### [What to work on]
Which lines run from the one containing "this 1600×777 image." to the end of the records? Write them out exactly, both ends included, and nothing else.

** Records provided follows **

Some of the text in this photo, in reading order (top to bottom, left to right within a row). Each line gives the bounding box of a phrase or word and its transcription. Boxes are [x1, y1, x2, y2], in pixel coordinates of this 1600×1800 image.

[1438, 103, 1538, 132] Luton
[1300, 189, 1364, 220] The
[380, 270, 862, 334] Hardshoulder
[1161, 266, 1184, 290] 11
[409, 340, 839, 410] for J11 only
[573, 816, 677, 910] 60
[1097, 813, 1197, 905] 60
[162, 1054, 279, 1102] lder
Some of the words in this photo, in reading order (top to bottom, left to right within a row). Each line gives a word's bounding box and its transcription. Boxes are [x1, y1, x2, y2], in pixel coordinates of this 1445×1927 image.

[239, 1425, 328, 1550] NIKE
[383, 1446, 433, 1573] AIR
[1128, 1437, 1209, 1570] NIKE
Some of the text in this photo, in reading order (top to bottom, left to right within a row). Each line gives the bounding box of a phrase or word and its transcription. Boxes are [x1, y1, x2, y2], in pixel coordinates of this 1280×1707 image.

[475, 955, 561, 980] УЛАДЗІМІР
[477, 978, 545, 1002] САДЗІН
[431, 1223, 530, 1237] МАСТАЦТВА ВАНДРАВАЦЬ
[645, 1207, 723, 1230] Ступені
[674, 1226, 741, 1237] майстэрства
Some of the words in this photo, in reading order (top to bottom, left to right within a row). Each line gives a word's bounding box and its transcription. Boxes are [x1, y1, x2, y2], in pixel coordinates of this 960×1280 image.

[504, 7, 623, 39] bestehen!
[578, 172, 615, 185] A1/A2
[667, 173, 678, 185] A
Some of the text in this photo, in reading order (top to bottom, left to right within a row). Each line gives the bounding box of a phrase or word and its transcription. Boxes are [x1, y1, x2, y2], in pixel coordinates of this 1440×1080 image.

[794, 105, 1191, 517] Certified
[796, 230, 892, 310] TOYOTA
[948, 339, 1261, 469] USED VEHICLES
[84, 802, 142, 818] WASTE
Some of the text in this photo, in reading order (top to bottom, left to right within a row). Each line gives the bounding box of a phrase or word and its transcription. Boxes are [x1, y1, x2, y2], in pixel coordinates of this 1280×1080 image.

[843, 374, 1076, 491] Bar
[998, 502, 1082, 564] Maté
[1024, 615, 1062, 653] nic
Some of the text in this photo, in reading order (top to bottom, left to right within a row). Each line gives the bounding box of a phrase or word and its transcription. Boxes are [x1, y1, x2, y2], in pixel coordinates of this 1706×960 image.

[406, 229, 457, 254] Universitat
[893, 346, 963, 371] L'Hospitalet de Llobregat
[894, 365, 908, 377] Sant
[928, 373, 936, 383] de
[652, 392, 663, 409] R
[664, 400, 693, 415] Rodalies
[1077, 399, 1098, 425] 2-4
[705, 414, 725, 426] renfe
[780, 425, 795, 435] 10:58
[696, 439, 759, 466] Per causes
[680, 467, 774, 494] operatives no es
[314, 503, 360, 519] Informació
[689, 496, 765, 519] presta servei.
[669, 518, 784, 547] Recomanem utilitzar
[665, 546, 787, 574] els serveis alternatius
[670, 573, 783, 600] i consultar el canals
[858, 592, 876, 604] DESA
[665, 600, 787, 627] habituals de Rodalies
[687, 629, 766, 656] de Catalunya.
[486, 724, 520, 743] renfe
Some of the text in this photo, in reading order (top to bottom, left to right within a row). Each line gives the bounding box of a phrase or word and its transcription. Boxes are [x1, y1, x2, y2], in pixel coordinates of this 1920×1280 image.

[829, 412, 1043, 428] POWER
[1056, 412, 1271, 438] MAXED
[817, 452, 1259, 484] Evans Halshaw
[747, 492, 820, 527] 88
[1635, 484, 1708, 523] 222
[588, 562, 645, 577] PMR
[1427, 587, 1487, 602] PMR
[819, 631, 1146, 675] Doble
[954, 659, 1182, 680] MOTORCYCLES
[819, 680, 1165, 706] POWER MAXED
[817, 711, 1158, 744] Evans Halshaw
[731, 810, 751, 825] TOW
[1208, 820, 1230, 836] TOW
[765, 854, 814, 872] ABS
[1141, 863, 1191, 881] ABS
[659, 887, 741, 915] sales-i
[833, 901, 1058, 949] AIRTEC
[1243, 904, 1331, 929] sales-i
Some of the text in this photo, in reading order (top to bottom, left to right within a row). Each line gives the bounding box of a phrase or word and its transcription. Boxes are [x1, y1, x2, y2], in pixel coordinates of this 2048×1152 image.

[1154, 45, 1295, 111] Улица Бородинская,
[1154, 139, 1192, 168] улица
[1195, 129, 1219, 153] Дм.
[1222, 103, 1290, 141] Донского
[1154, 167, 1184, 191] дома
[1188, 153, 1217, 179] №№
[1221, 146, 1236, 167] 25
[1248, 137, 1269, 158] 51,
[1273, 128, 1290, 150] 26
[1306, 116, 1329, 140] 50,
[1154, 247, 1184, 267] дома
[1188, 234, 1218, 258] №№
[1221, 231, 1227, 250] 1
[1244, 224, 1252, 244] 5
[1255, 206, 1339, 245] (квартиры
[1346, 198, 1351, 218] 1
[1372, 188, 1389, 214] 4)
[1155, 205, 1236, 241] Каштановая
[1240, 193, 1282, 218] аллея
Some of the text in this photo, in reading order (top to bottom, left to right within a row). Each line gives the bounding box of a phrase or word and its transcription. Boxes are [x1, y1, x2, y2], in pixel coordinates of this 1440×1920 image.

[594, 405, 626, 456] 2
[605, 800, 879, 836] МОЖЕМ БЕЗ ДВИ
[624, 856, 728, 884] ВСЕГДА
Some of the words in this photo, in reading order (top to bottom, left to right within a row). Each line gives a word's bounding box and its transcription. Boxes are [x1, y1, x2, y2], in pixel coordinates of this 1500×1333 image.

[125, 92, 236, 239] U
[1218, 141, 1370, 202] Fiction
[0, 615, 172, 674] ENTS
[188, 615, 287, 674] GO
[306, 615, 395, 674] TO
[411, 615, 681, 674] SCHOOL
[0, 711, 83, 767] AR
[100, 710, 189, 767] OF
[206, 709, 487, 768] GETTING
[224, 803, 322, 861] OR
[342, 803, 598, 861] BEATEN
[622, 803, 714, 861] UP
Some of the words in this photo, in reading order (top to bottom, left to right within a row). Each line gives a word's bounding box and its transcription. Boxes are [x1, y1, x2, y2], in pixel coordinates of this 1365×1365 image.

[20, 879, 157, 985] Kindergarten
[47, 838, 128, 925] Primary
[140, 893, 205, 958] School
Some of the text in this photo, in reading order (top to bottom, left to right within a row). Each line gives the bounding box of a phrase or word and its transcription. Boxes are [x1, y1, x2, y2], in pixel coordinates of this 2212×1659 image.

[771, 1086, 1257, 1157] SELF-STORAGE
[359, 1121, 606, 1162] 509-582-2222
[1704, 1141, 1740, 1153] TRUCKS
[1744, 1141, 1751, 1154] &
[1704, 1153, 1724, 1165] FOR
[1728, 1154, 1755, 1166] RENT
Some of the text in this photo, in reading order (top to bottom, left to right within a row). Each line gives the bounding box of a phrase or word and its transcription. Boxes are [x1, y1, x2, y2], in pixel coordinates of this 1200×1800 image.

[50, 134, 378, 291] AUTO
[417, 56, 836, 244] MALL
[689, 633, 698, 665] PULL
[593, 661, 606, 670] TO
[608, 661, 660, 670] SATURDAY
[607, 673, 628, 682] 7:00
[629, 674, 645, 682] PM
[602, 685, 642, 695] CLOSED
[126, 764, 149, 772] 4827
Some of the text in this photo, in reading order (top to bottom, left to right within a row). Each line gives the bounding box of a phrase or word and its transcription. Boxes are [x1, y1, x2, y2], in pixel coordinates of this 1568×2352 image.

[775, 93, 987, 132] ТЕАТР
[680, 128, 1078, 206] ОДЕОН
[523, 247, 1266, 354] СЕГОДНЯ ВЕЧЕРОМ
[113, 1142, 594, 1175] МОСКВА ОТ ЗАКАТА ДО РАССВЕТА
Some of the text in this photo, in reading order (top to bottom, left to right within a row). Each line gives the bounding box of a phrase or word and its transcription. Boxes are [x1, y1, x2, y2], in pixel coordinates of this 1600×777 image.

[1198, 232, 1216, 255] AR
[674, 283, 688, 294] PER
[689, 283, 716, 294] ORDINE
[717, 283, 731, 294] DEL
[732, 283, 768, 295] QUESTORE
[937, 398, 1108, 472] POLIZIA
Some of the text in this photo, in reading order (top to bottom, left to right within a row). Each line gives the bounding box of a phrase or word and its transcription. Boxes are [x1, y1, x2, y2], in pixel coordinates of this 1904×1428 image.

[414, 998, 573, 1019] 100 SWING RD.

** End of Records provided **

### [Exercise result]
Some of the text in this photo, in reading order (top to bottom, left to right within a row). Each line gives the bounding box of a phrase or word and its transcription. Boxes are [x1, y1, x2, y2], in pixel coordinates of this 1600×777 image.

[1198, 232, 1216, 255] AR
[674, 283, 688, 294] PER
[689, 283, 716, 294] ORDINE
[717, 283, 731, 294] DEL
[732, 283, 768, 295] QUESTORE
[937, 398, 1108, 472] POLIZIA
Some of the text in this photo, in reading order (top to bottom, left to right within a row). Each line gives the bounding box of a phrase or word and its transcription. Boxes are [x1, y1, x2, y2], in pixel coordinates of this 1904×1428 image.

[414, 998, 573, 1019] 100 SWING RD.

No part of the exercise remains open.